- Значит, я должен радоваться, что мне сейчас больно? - Шатров грустно усмехнулся.

- Ну радости в твоем положении и через микроскоп не найдешь. Но переживания вполне естественные. Нужно только не обижаться, а спокойно и трезво рассудить, как все это произошло. Я убежден - ты начинал с благими намерениями, цель была хорошая, но при осуществлении ее допустил просчеты. Хочешь, давай поразмышляем вместе?

Шатров рад был поговорить спокойно и откровенно. На собрании его попытка оправдаться прозвучала жалко и неубедительно. А Шатров все еще был уверен, если разобраться поглубже, вся эта затея с воздействием на Судакова выглядела бы иначе.
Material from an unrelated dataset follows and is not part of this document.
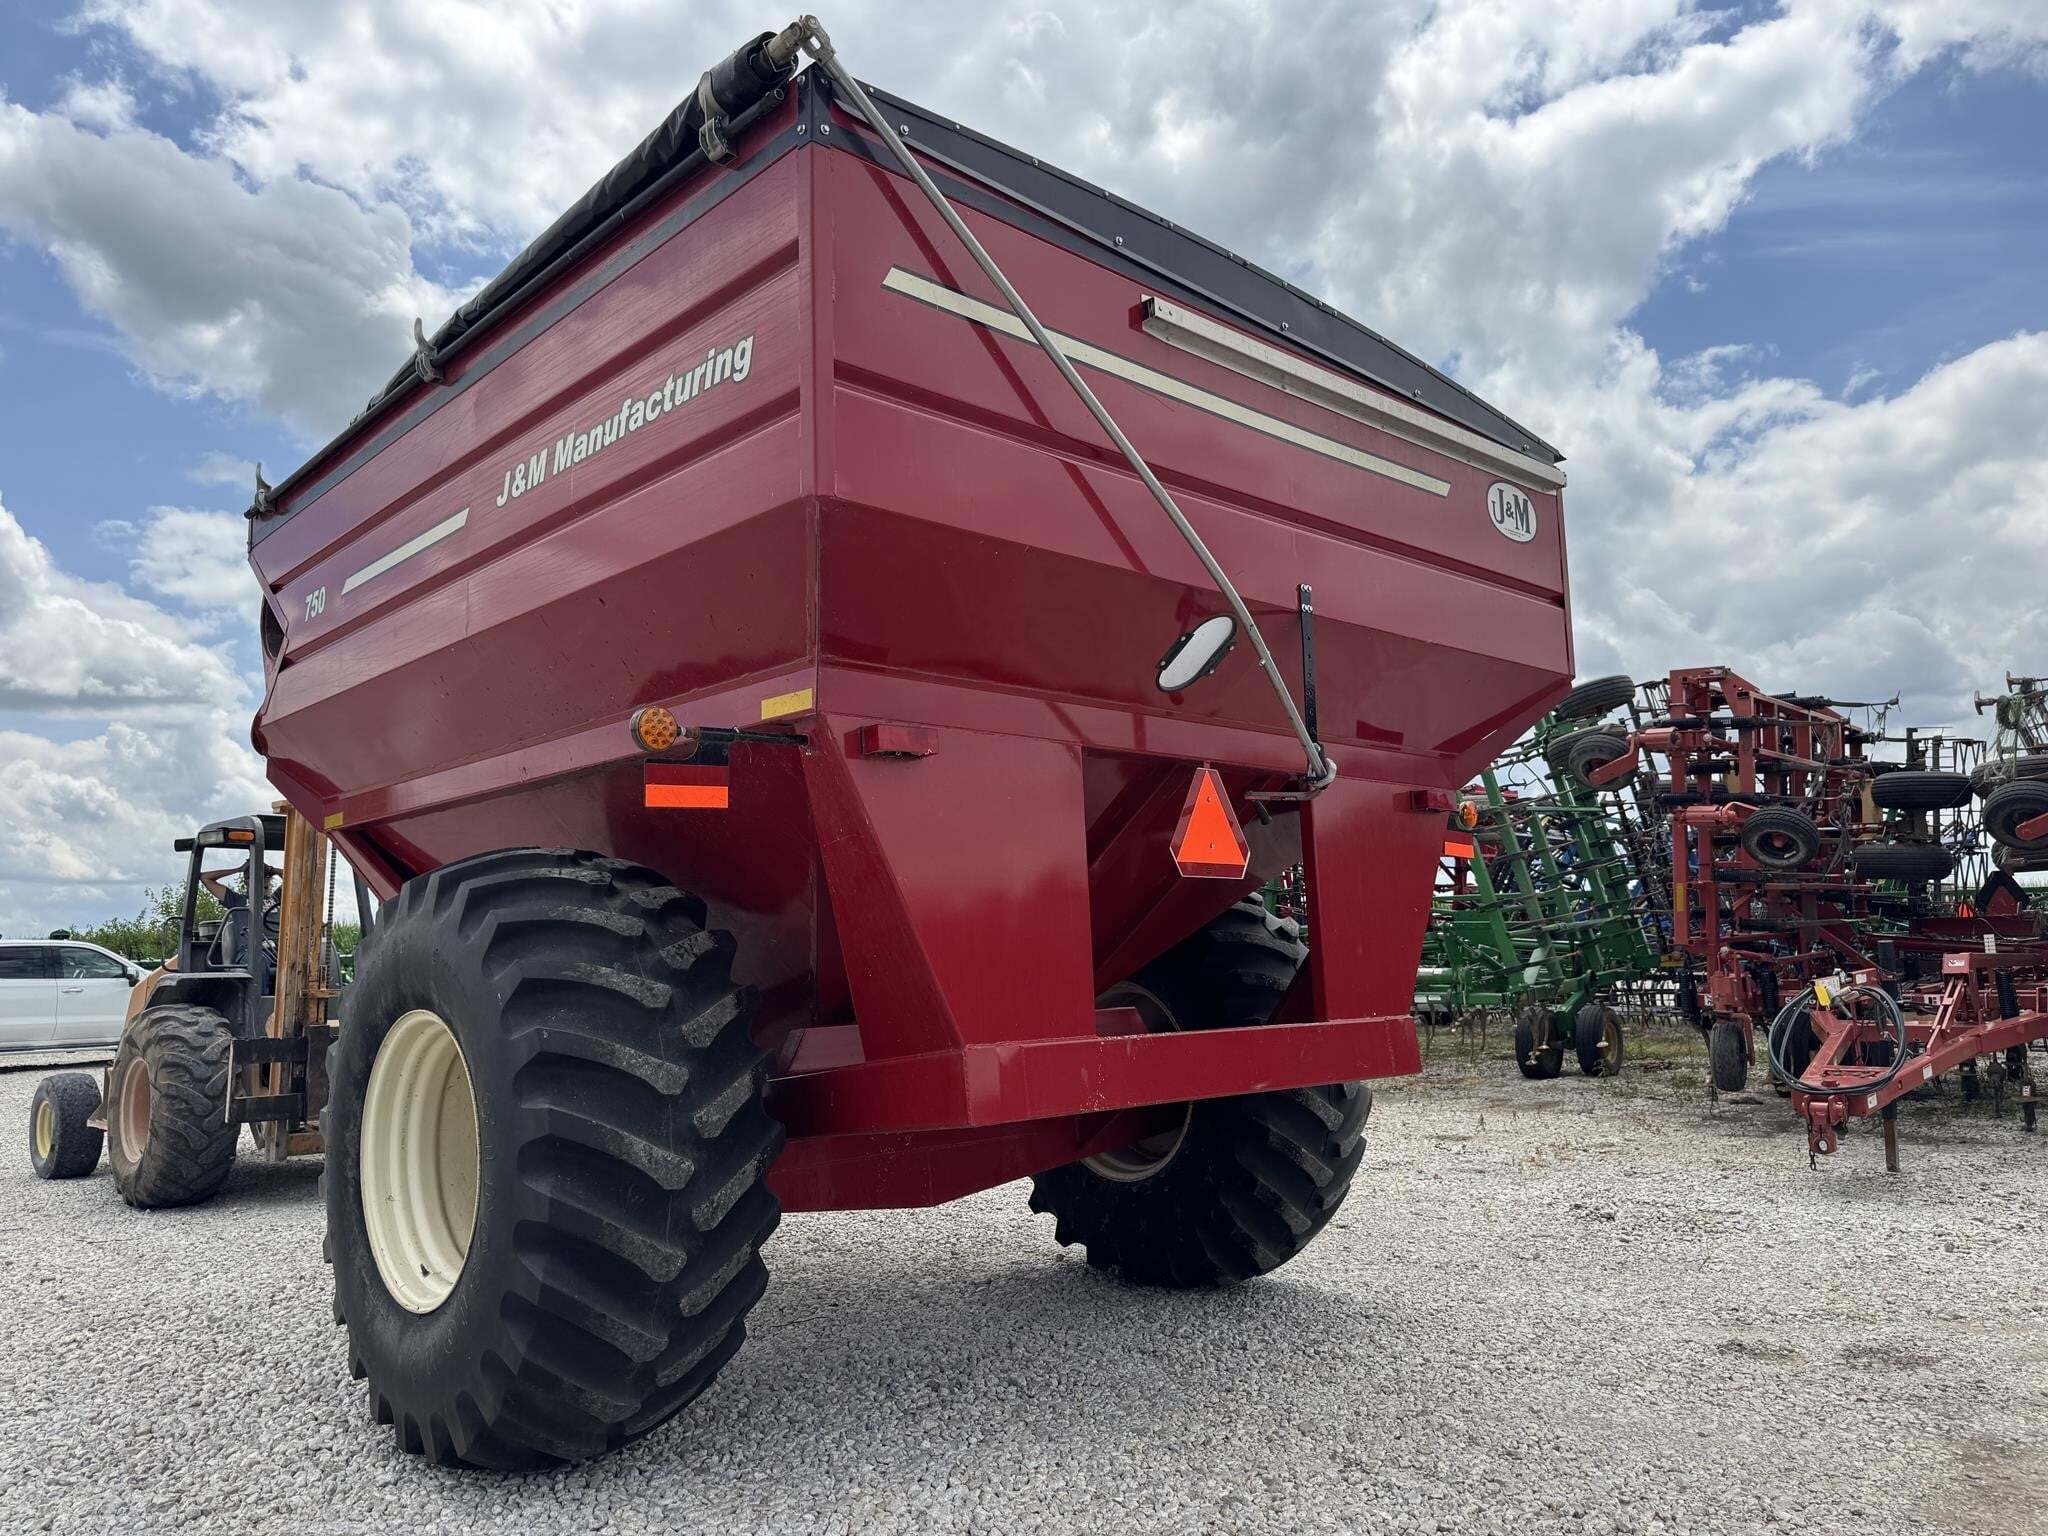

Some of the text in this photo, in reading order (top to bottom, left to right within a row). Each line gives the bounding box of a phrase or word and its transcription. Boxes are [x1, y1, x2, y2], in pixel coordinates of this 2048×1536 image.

[496, 335, 754, 507] J&M Manufacturing
[1491, 487, 1532, 535] J&M
[304, 585, 326, 623] 750
Она обернулась бы в его пользу, показала бы, что он мыслящий, вдумчивый воспитатель.

- Я вам выскажу, товарищ подполковник, все мысли честно, без утайки, согласился Шатров. - Но сначала прошу вас ответить, только тоже на один вопрос.

Шатров знал, что в конце концов разговор подойдет к этому принципиальному, ключевому вопросу, и заранее хотел иметь в числе своих доказательств слова, от которых Ячменев уже не смог бы отказаться.

- Пожалуйста, спрашивай, - разрешил замполит.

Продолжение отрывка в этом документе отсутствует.